If we're making them up ourselves we may be assuming risk in a way(s) we don't realize.

 

[moray]

[ QUOTE ]
Okay,
If I'm understanding you correctly, you're saying that the sling at its attachment point is as strong as TWO legs because it runs AROUND the bushing. I'm anot disagreeing outright, because I don't fully understand the dynamics...

[/ QUOTE ]

I can't improve on what Brion has said, but imagine Brion's scenario with the block supporting two loads, each of 10,000 lbs. From the point of view of the rope, every inch of the rope sees the same 10,000-lb. tension, even the horizontal part directly over the block bushing. For this not to be true there would have to be some friction in the system between the two loads, but we are assuming a perfect pulley. If you agree with that, then there is nothing special about the horizontal part.
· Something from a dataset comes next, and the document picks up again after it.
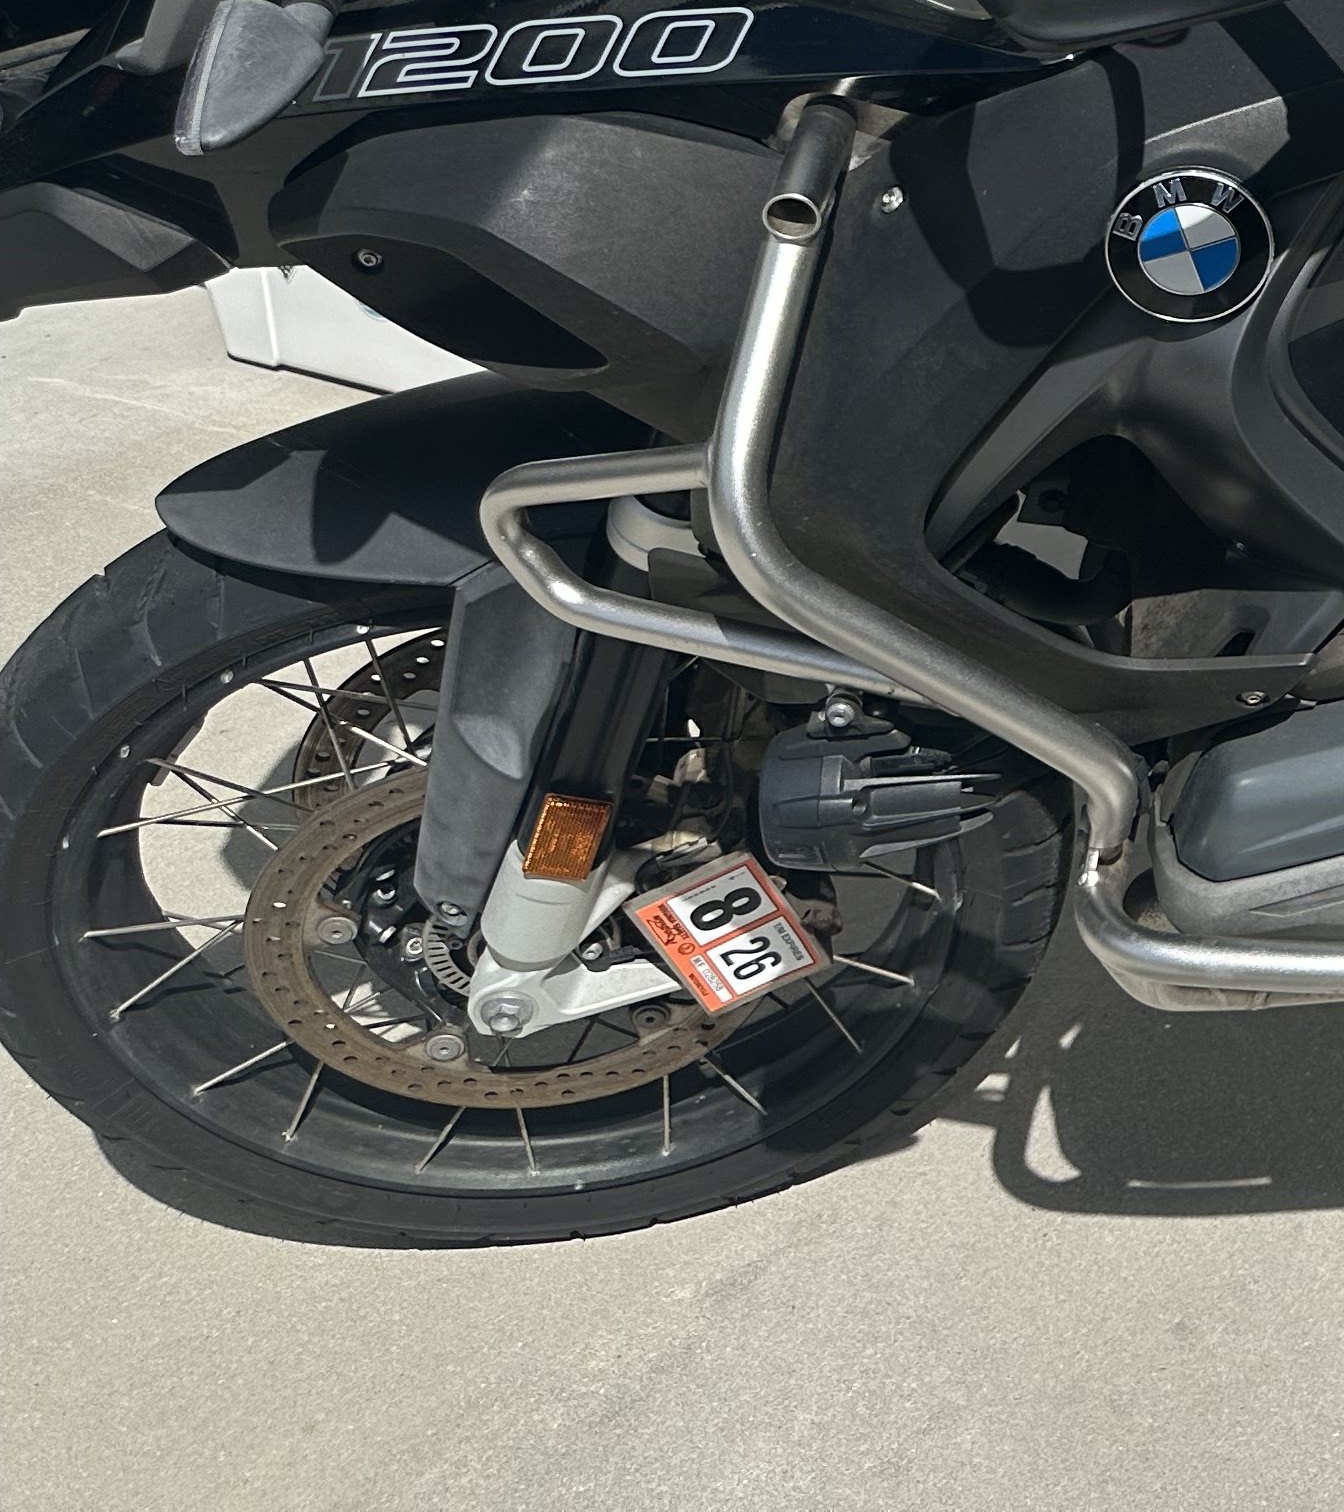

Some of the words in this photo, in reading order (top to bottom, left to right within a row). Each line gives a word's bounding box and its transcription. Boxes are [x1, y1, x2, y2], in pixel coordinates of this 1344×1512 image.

[312, 5, 756, 102] 1200
[1112, 177, 1245, 242] BMW
[689, 886, 762, 932] 8
[719, 935, 783, 981] 26
The WesSpur catalog shows the loopie sling for all 3 possible geometries having twice the strength of the corresponding whoopie.

 

[Ron]

born2climb,

I hope you're not feeling alone about this, forces in ropes and rigging can seem very puzzling and almost mystical.
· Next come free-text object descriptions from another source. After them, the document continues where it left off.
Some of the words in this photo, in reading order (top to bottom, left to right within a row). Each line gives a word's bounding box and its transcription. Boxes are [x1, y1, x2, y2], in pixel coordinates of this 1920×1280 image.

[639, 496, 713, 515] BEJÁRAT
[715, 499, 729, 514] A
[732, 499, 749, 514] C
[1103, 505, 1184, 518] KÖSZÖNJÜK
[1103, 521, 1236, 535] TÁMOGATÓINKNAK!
The example you gave about the horizontal rope is different than the loopie/whoopie example because of the angle formed in the rope when the load is applied. The load and the angles of the rope determine the force the rope has to support. In the loopie/whoopie case the angles are essentially perpendicular to the load.

Suppose we take the example you gave and imagine a load of 100 lbs attached to the middle of the rope and the rope stretches/sags such that each side of the rope forms an angle 30° from horizontal. This forms a 'magic' angle of 120° between the two halves of rope and at that angle the force in the rope is equal to the weight of the load or in this case 100 lbs. At different angles you get different forces for the same load.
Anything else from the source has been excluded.